L’industrie se range derrière la BCE pour remplacer l’Eonia

le 16/02/2018 L'AGEFI Quotidien / Edition de 7H

Le nouveau taux de référence proposé par la banque centrale est largement soutenu par les acteurs de marché. Une consultation plus détaillée sera lancée d’ici avril.

taux de référence Libor
(Crédit Thinkstock.)

Déjà pressentie, la disparition de l’Eonia se précise. L’avènement d’un nouveau taux d’intérêt de référence au jour le jour, calculé et administré par la Banque centrale européenne (BCE), devrait sonner son glas.

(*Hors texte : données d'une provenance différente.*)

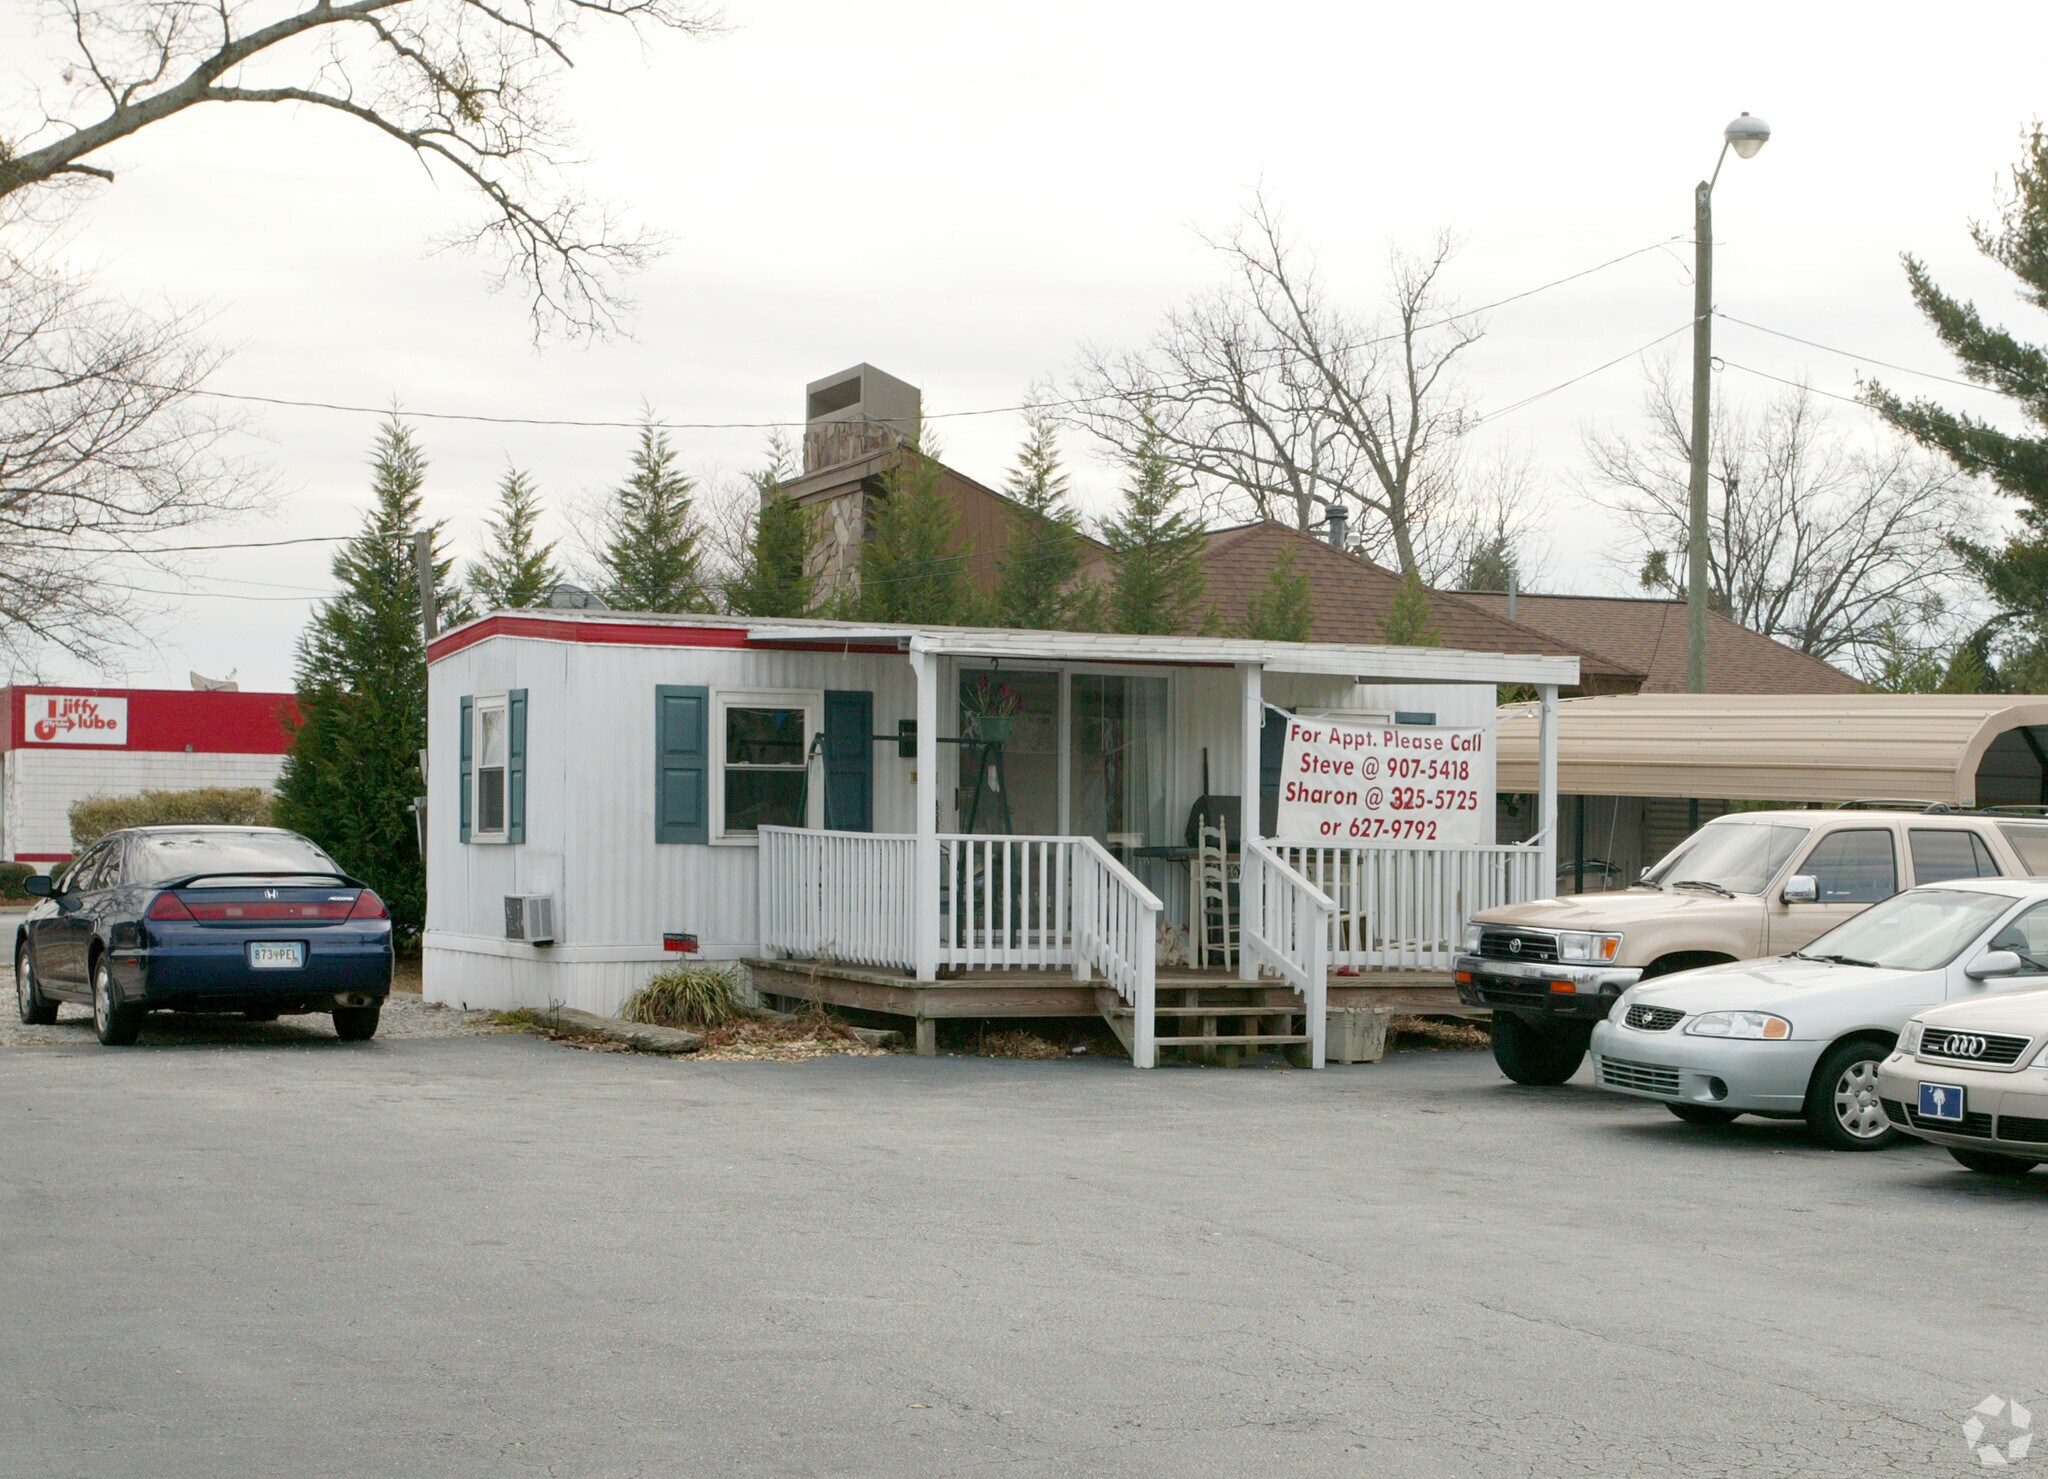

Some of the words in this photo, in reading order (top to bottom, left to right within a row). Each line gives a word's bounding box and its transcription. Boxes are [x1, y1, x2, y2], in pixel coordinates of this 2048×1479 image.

[59, 698, 98, 718] jiffy
[78, 713, 117, 729] lube
[1290, 724, 1322, 742] For
[1328, 727, 1377, 751] Appt.
[1383, 730, 1443, 751] Please
[1450, 734, 1482, 752] Call
[1299, 752, 1354, 775] Steve
[1361, 757, 1380, 780] @
[1387, 758, 1469, 781] 907-5418
[1285, 781, 1358, 805] Sharon
[1365, 786, 1383, 810] @
[1389, 787, 1478, 811] 325-5725
[1319, 820, 1341, 836] or
[1349, 817, 1437, 840] 627-9792

C’est du moins ce qui ressort des réponses à la consultation lancée par la BCE sur les caractéristiques générales de ce nouveau taux, dont la publication doit être initiée d’ici 2020.

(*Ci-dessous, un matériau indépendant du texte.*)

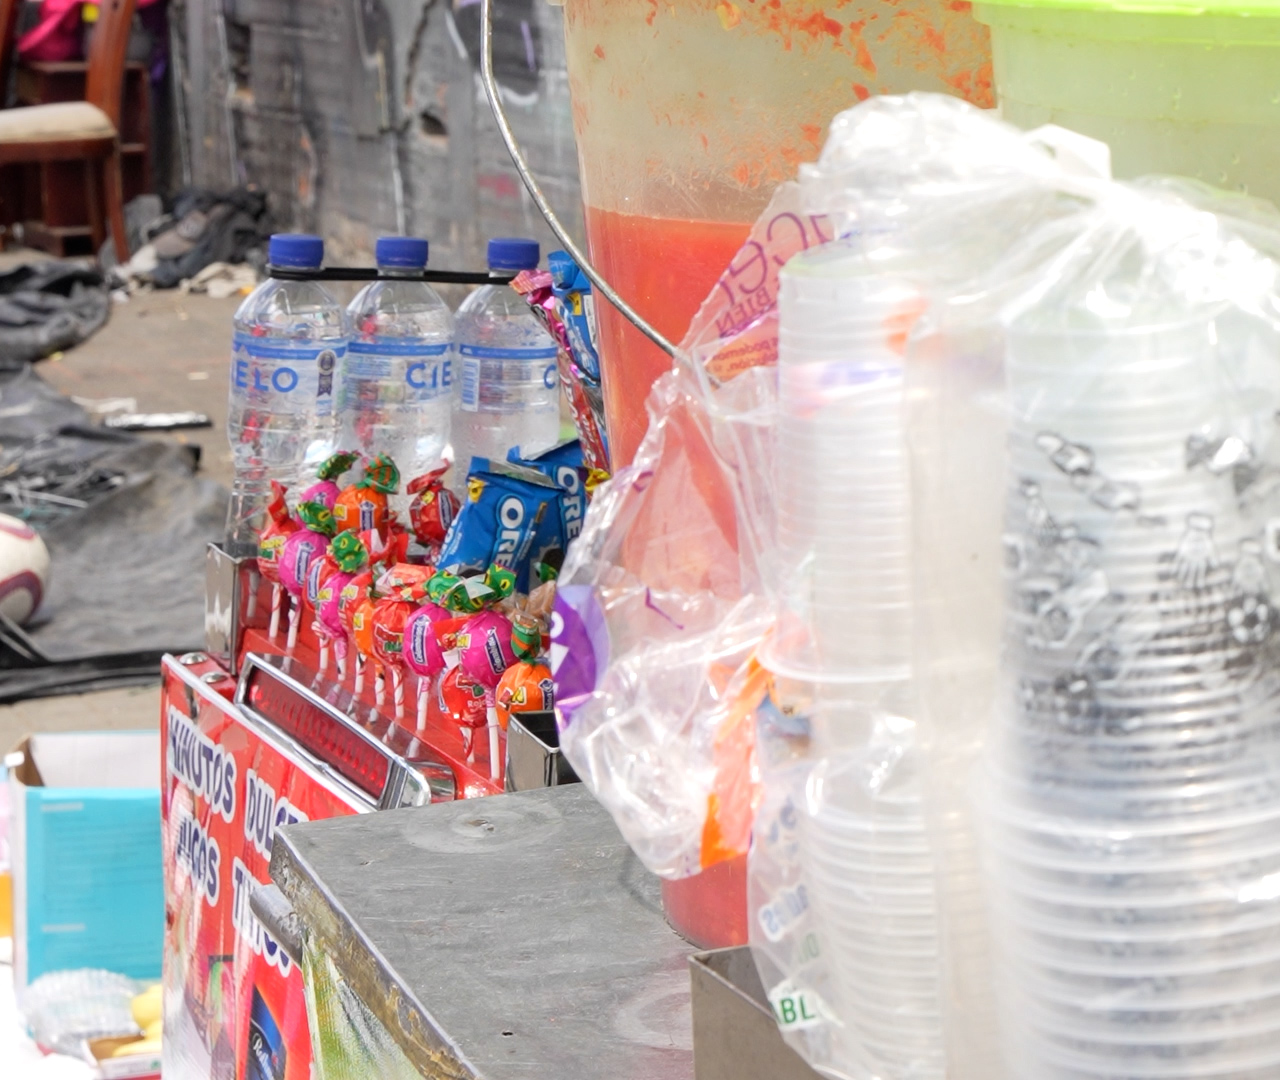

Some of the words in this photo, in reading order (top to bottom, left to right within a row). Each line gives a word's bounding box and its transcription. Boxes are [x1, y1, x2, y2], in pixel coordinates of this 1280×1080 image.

[235, 360, 299, 393] ELO
[405, 360, 453, 389] CIE
[495, 497, 524, 568] ORE
[557, 466, 581, 539] ORE
[170, 714, 234, 814] MINUTOS
[248, 777, 298, 851] DUL
[177, 818, 218, 898] JUGOS

Dans une synthèse des 54 réponses de l’industrie financière, dont deux tiers de banques, la BCE note ainsi que les institutions ayant répondu à la consultation «s’attendent à ce que le nouveau taux de référence soit appliqué à l’ensemble des contrats et des valorisations faisant actuellement appel à l’Eonia». A terme, l’industrie «s’attend largement à ce que le nouveau taux de référence de la BCE remplace l’Eonia et devienne un étalon critique pour le marché».

La question du nom

D’ici là, de nombreuses questions restent à régler, à commencer par trouver un nom à ce nouveau taux, parfois surnommé EBOR, devant «refléter les coûts de financement au jour le jour d’une banque de la zone euro». Une question «importante» pour «familiariser les acteurs de marché» à cette nouvelle référence, estime l’industrie, qui souhaite la voir régler «dans un futur très proche». L’attention que commandent déjà de tels aspects montre que les banques ne croient pas au maintien de l’Eonia à moyen terme et souhaitent avancer rapidement dans la mise en place d’un taux basé sur des transactions réelles plutôt que sur des contributions volontaires d’un panel.

Le type de transactions à inclure dans le calcul du taux ne fait cependant pas encore l’unanimité, une large minorité des institutions ayant répondu souhaitant y voir inclure les certificats de dépôts et les billets de trésorerie à la maturité de 24 heures. Certains y voient une solution au risque que les transactions entre des banques et d’autres sociétés financières se tarissent davantage. L’heure de publication envisagée par la BCE, à 9h le lendemain des transactions prises en compte soit le moment où les bourses ouvrent en Europe, est par ailleurs jugée problématique par certains intervenants, notamment pour des transactions de dérivés et de repo.

La BCE devrait trancher ces différentes questions dans les semaines à venir et ouvrir d’ici avril une nouvelle consultation plus détaillée. Les discussions du groupe de travail sur les taux d’intérêt sans risque en zone euro se poursuivent en parallèle.